Terug

Geen rechtsherstel box 3 ondanks lagere aanslag

6 maart 2025
Inkomstenbelasting

Een Nederlandse belastingplichtige heeft onroerende zaken in Frankrijk en Duitsland en staat voor een bijzonder fiscaal dilemma. Ze vraagt de Belastingdienst om de Wet rechtsherstel box 3 toe te passen op haar aangifte over 2019, ook al leidt dit tot een hoger belastbaar inkomen. Waarom? Omdat de uiteindelijke belastingaanslag door een andere voorkomingsregeling tóch lager zou uitvallen. De rechtbank oordeelt over deze ogenschijnlijk vreemde situatie: kan een regeling bedoeld als voordeel voor belastingplichtigen worden toegepast als deze het belastbaar inkomen verhoogt?

Wat is het verschil tussen de twee berekeningsmethoden?

Bij de reguliere berekening van box 3 komt de belastingplichtige uit op een belastbaar inkomen van € 37.909. Na de aftrek ter voorkoming van dubbele belasting bedraagt haar te betalen belasting € 3.347.

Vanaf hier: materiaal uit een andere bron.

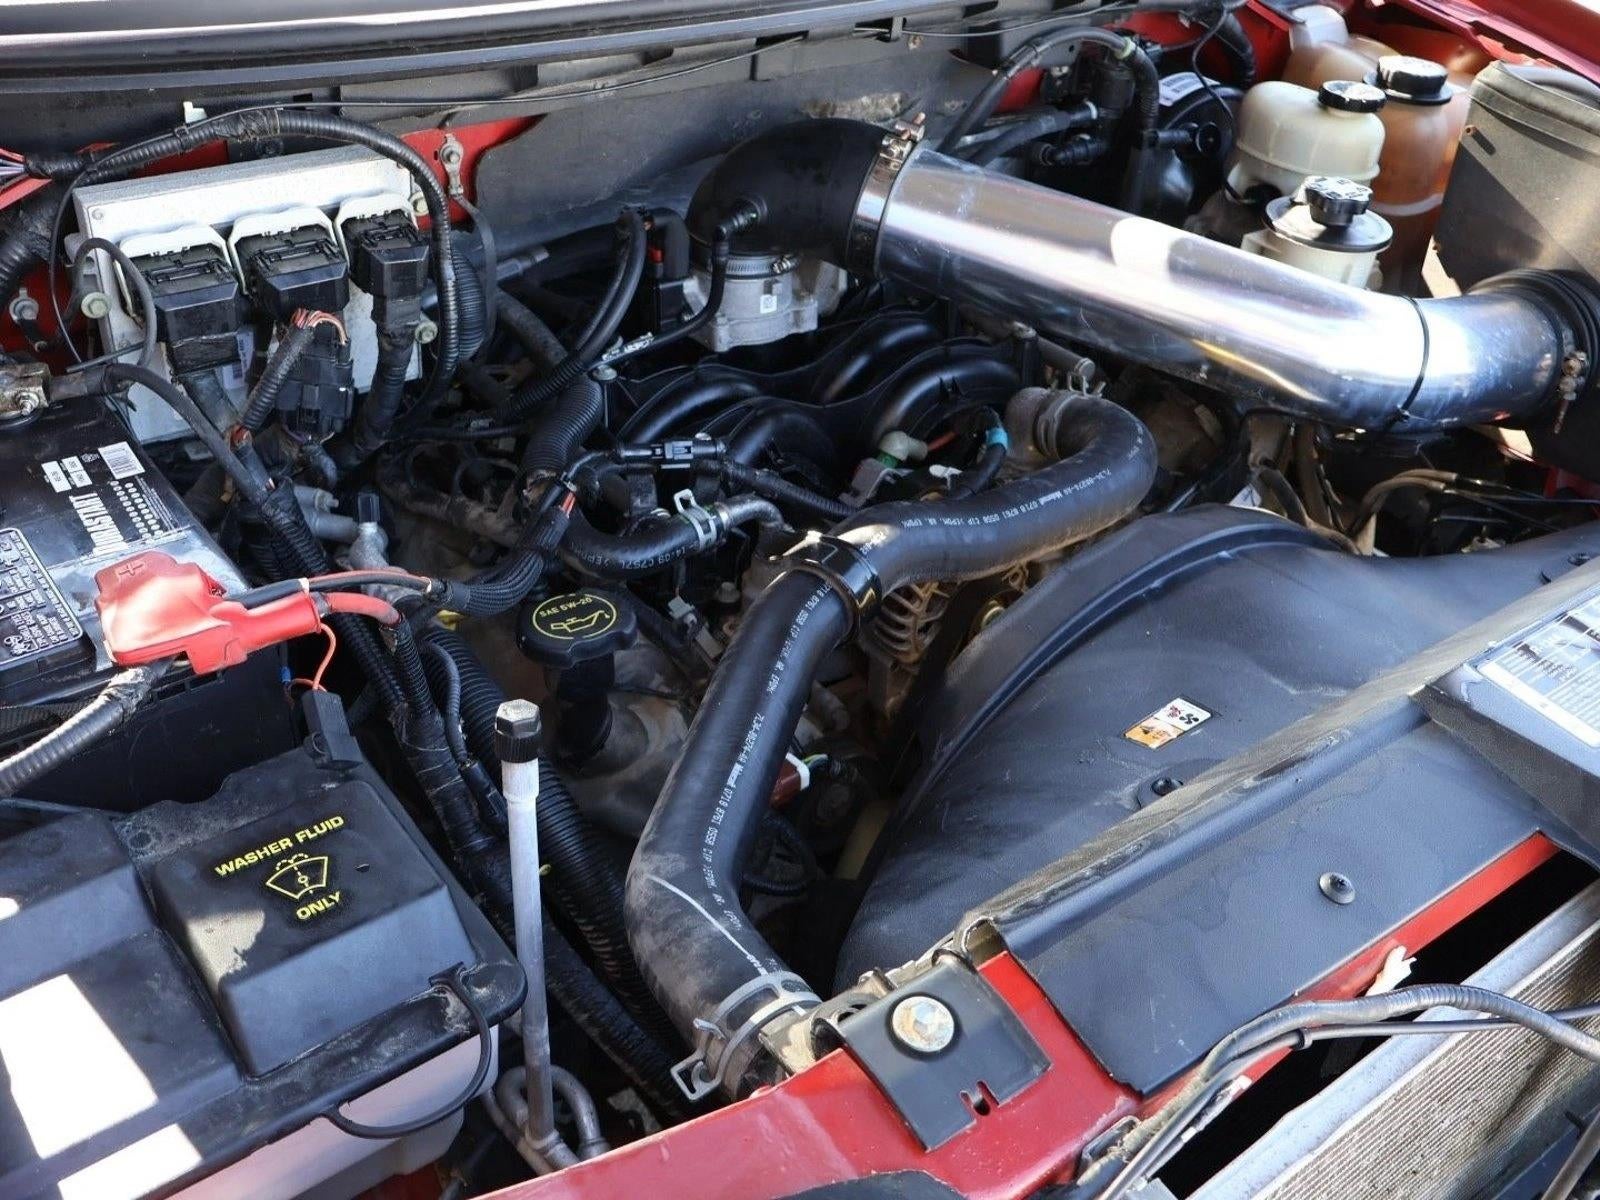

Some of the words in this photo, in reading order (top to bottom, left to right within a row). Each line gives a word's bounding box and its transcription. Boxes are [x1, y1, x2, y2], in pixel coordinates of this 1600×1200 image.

[539, 606, 559, 618] SAE
[560, 597, 593, 612] 5W-20
[719, 787, 733, 807] 0718
[711, 807, 725, 826] 8761
[214, 837, 293, 877] WASHER
[295, 816, 344, 843] FLUID
[296, 891, 340, 920] ONLY
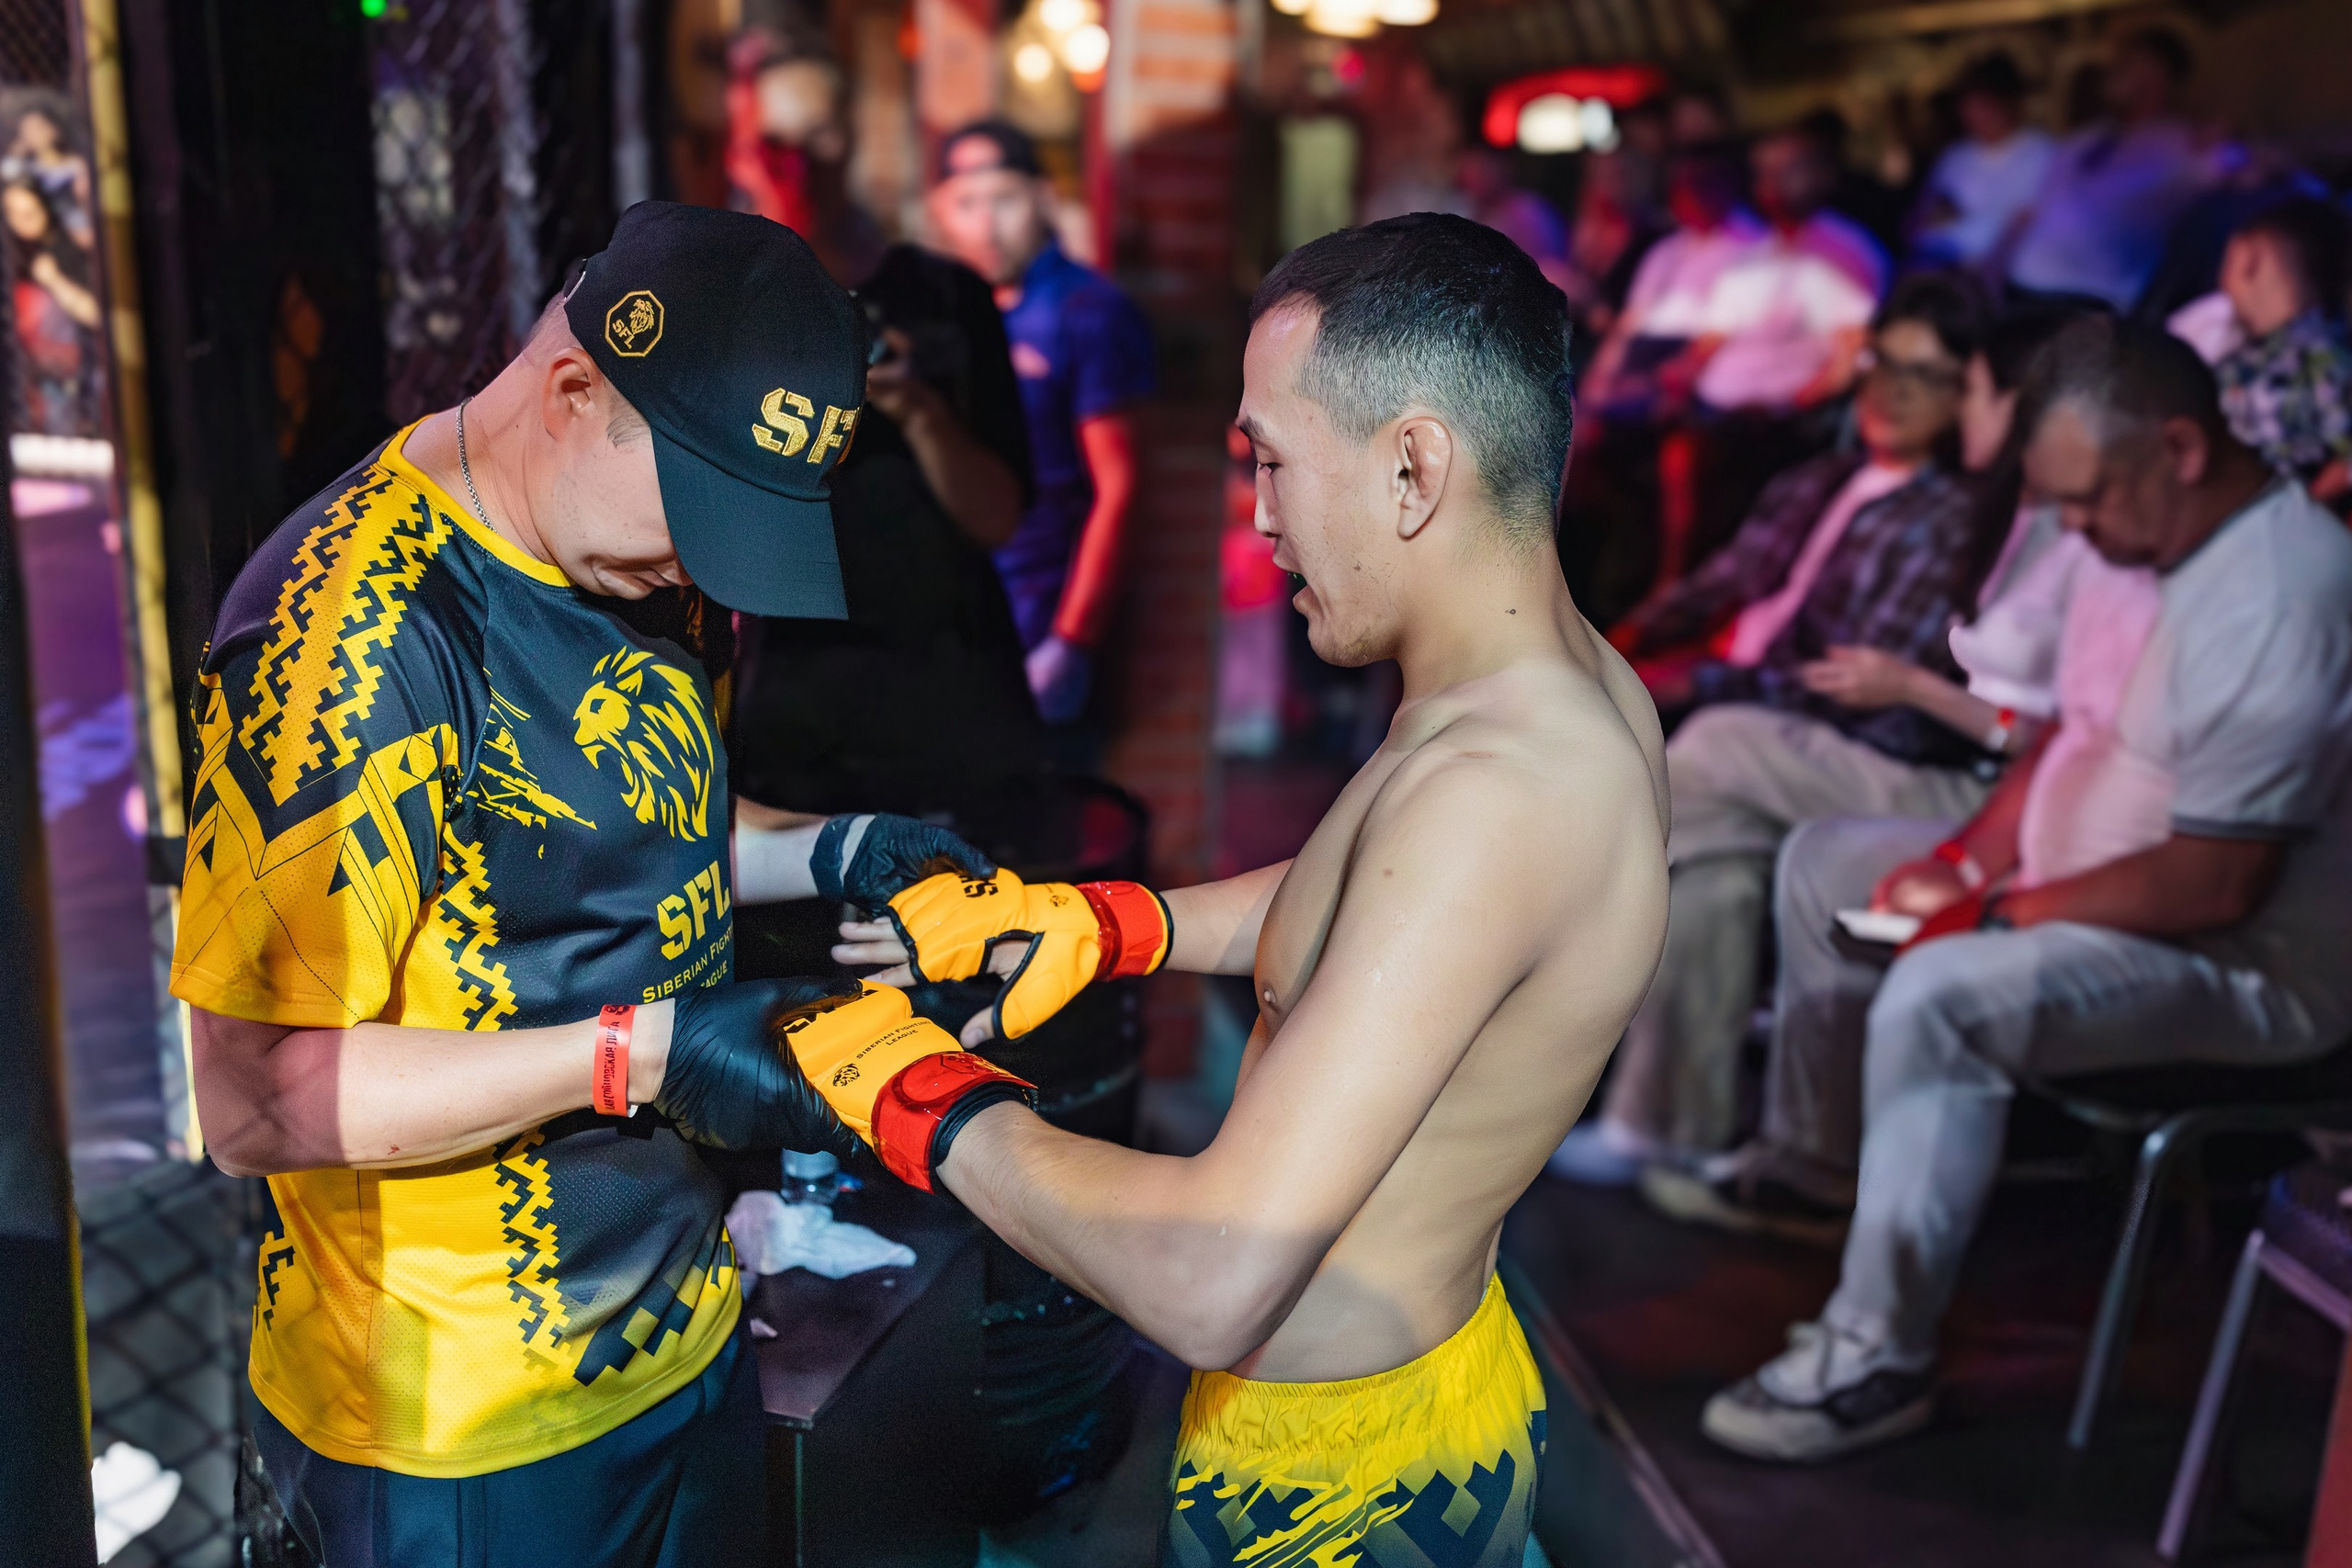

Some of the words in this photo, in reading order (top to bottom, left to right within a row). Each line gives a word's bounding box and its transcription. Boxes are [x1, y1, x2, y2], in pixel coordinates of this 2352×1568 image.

[612, 319, 635, 350] SFL
[752, 388, 860, 464] SF
[656, 860, 730, 961] SFL
[643, 953, 708, 1004] SIBERIAN
[701, 960, 728, 988] AGUE
[856, 1032, 895, 1059] SIBERIAN
[886, 1029, 919, 1045] LEAGUE
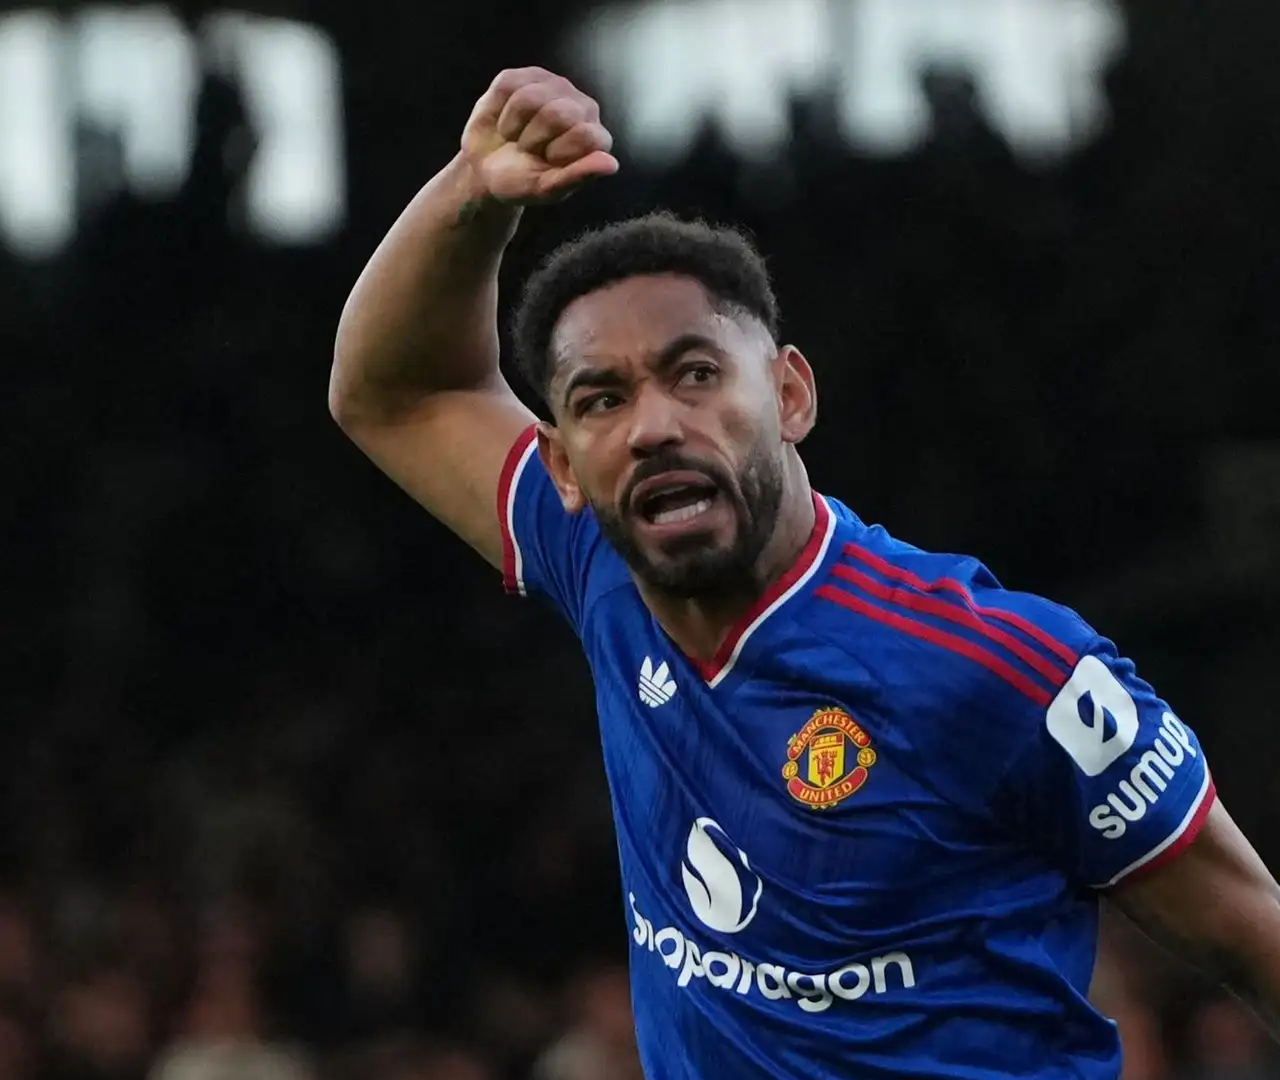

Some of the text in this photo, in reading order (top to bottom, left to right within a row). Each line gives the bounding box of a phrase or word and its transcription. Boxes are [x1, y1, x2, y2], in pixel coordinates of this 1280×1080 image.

[793, 714, 866, 752] MANCHESTER
[800, 781, 852, 802] UNITED
[1089, 711, 1197, 839] sumup
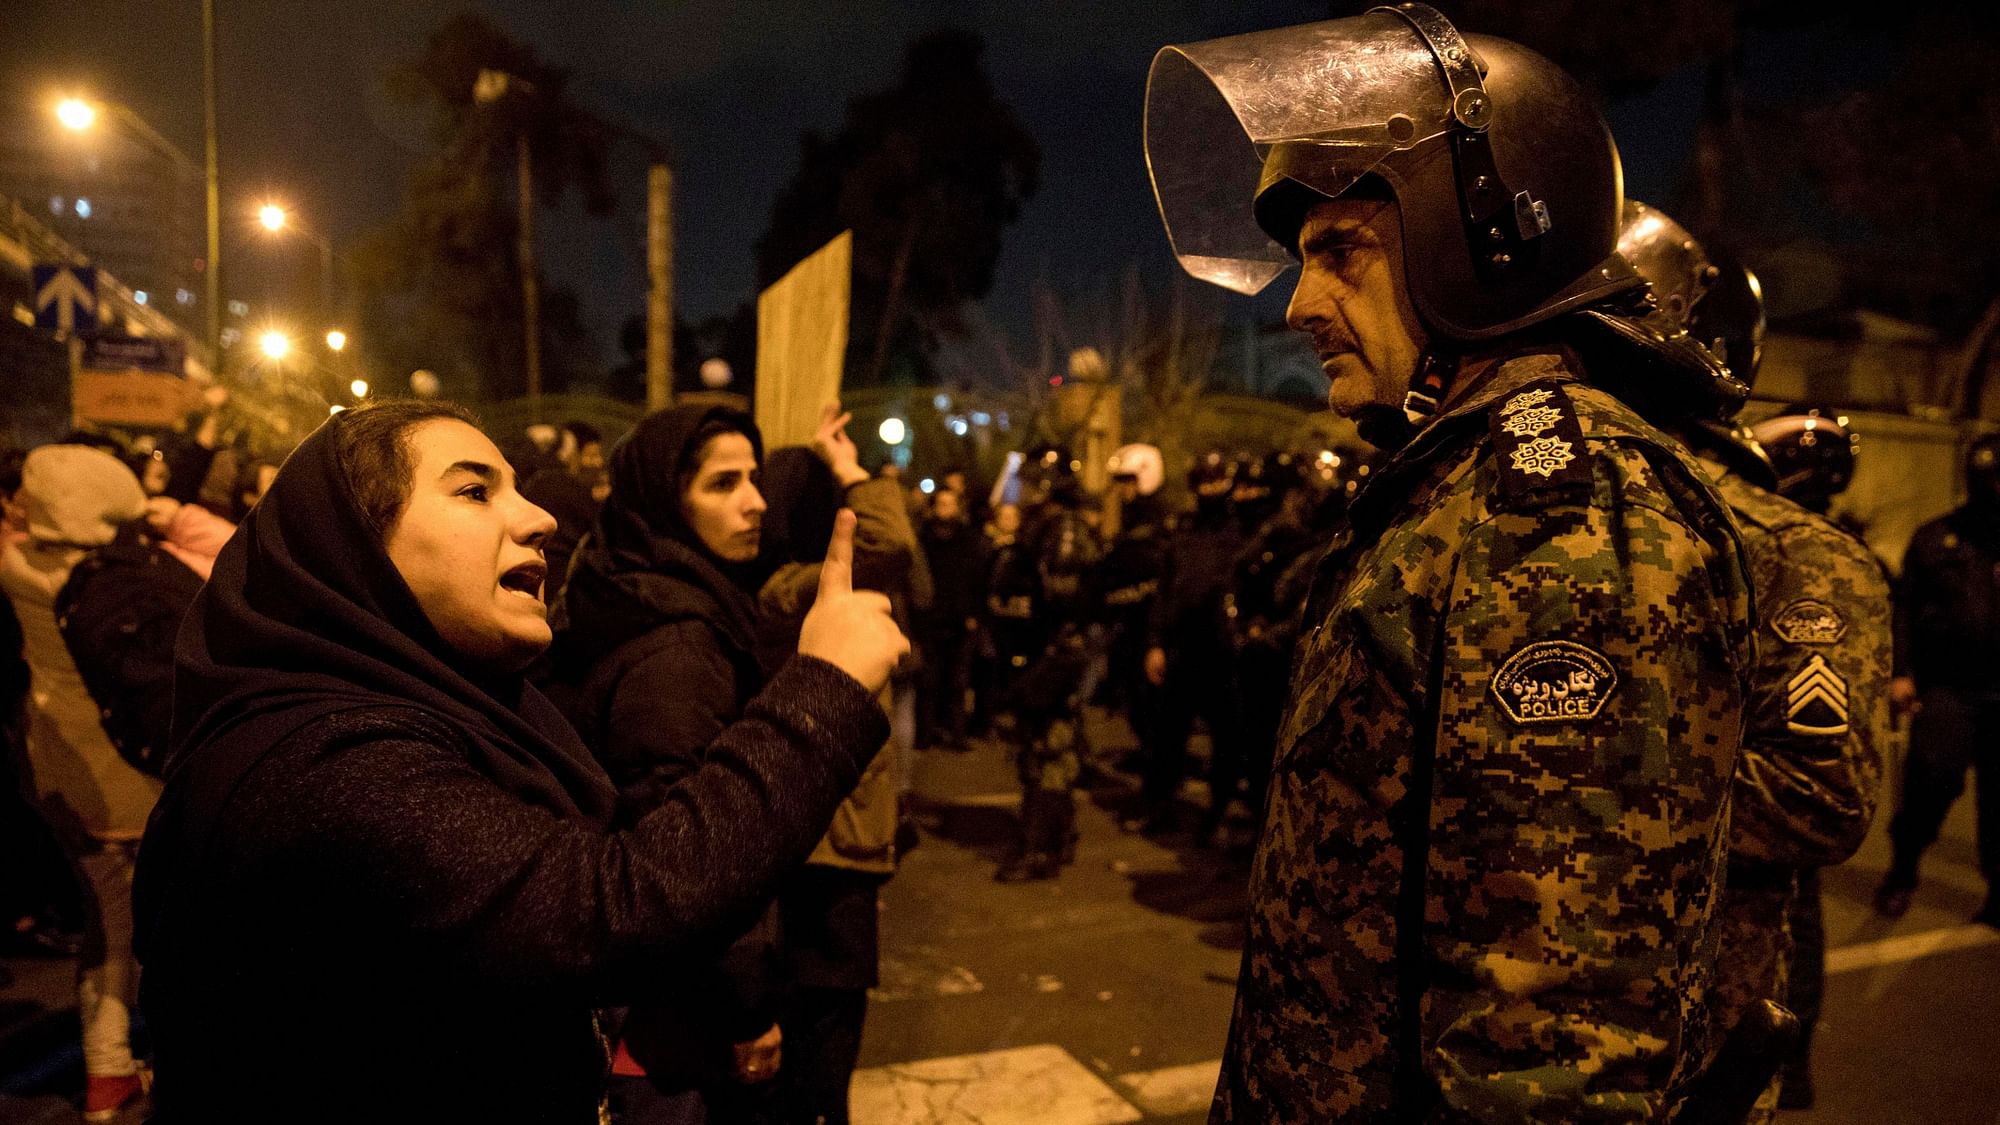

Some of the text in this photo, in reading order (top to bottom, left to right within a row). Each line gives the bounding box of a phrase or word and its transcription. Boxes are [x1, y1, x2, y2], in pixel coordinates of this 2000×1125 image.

[1512, 670, 1597, 702] یگان ویژه
[1520, 699, 1589, 717] POLICE

Bij toepassing van de Wet rechtsherstel box 3 zou haar belastbaar inkomen hoger uitvallen: € 42.808. Door een gunstigere regeling voor het verrekenen van in het buitenland betaalde belasting zou haar uiteindelijke belastingaanslag echter lager zijn, namelijk € 2.421. Dit is een verschil van ruim € 900 in het voordeel van de belastingplichtige.

Standpunt Belastingdienst

De Belastingdienst wijst echter op de tekst van de Wet rechtsherstel box 3. Daar staat duidelijk dat de wet alleen mag worden toegepast "voor zover dit tot een lager voordeel uit sparen en beleggen leidt". Aangezien het belastbaar inkomen juist stijgt van € 37.909 naar € 42.808, is niet aan deze voorwaarde voldaan. Het feit dat de uiteindelijke belastingaanslag lager zou zijn, doet volgens de Belastingdienst niet ter zake.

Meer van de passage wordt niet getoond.